Parents of disappeared children wait for answers after eight years

Parents of disappeared children wait for answers after eight years

Mexico City: Parents of 43 students who disappeared in Mexico in 2014 have called on President Andrés Manuel López Obrador to keep his word.
Protests took to the streets of the capital on the eighth anniversary of the student's disappearance.

On September 26, 2014, forty-three students from the Ayotsinapa Rural Teachers College were forcibly abducted in Iguala, Mexico and subsequently disappeared. They were detained by local police officers from Iguala and Kokula for conniving with organized crime.

Last month, the parents said they had a glimmer of hope in the case after Jesus Murillo Karam, the country's former top prosecutor, was arrested in the case.

But after Murillo, who remains imprisoned, was granted a temporary suspension of his trial, and after almost two dozen arrest warrants for other suspects were cancelled, the student's parents say they feel like they're being played with.

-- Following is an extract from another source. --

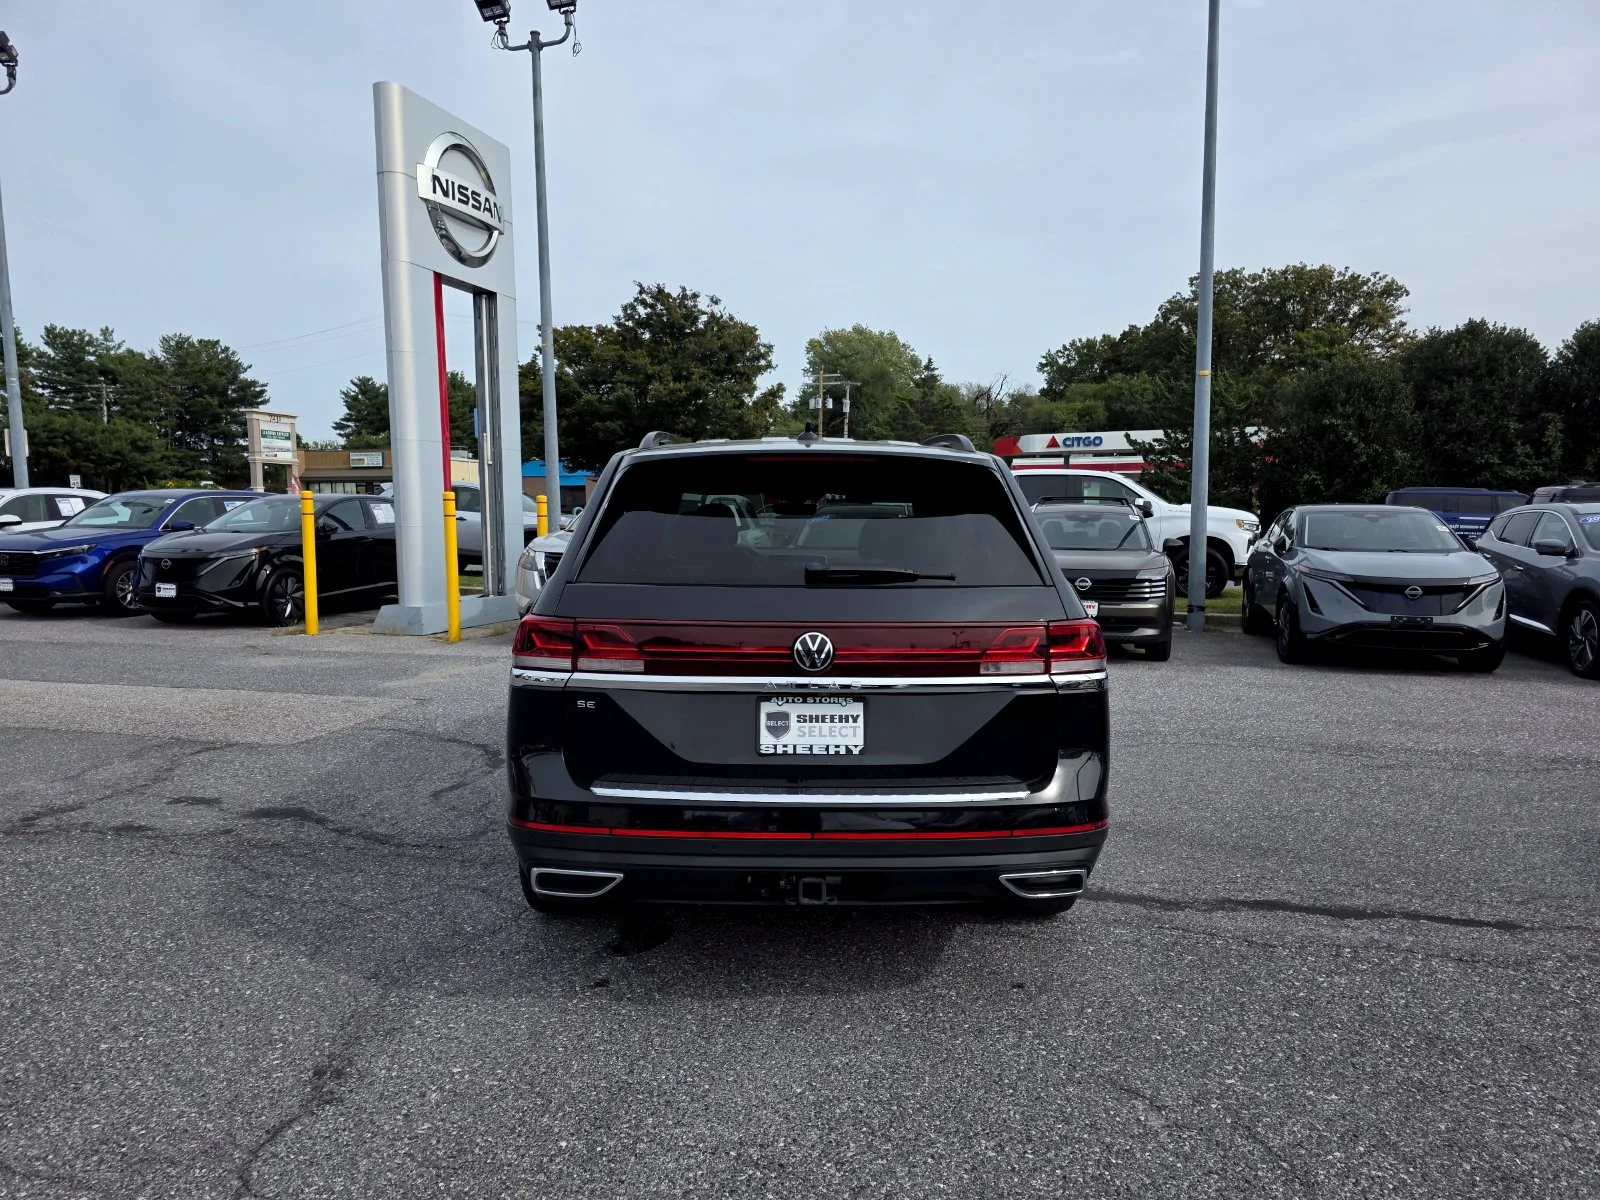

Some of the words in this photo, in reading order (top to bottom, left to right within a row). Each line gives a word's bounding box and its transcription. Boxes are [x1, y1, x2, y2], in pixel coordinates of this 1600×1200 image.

"To be honest, it feels like they're making fun of us," said Blanca Nava, the mother of one of the missing students.

The report said the initial investigation into the incident led by Murillo, dubbed the "historic truth," was riddled with errors and that all levels of government had been involved in the boys' disappearance and a subsequent cover-up.

The 43 students were on their way to Mexico City from the Pacific state of Guerrero when they disappeared. Only three bodies have been found.

Last week, the Mexican newspaper Reforma published an unredacted version of the August report, naming the officials allegedly involved.

Since then, the protesters, who include current students at Ayotsinapa, have taken a harsher tone. Last week, protesters broke down the entrance to a military base in Mexico City and threw rocks and Molotov cocktails at soldiers.